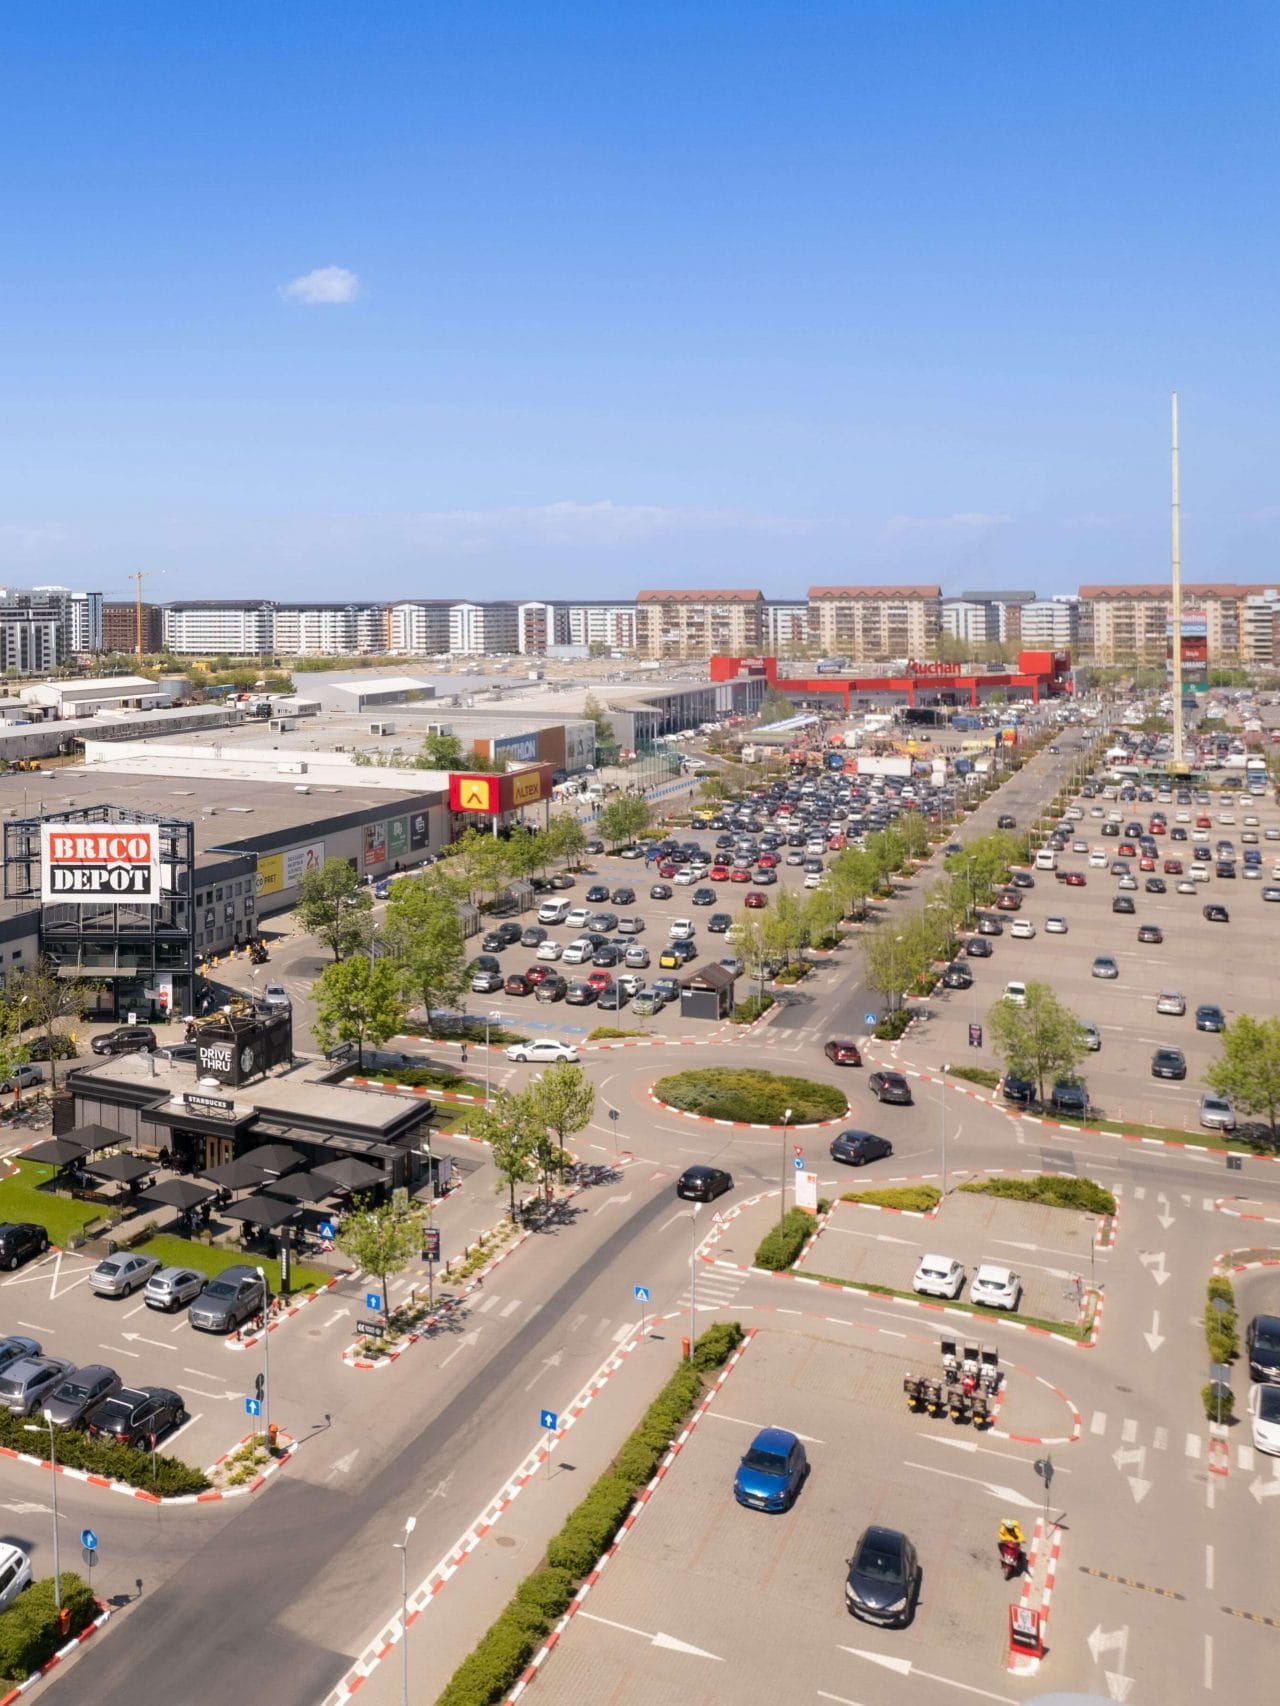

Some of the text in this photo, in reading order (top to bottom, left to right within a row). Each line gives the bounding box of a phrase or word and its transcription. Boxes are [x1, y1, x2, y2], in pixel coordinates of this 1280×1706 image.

[54, 838, 148, 859] BRICO
[200, 1047, 232, 1062] DRIVE
[201, 1057, 231, 1072] THRU
[188, 1096, 227, 1108] STARBUCKS
=-=-=-=-=
Without the pictures, transcribe the listing exactly as it stands.

[FINISHED TASK]
Some of the text in this photo, in reading order (top to bottom, left to right within a row). Each line gives the bounding box of a phrase or word and its transcription. Boxes are [x1, y1, x2, y2], in pixel coordinates of this 1280×1706 image.

[54, 838, 148, 859] BRICO
[200, 1047, 232, 1062] DRIVE
[201, 1057, 231, 1072] THRU
[188, 1096, 227, 1108] STARBUCKS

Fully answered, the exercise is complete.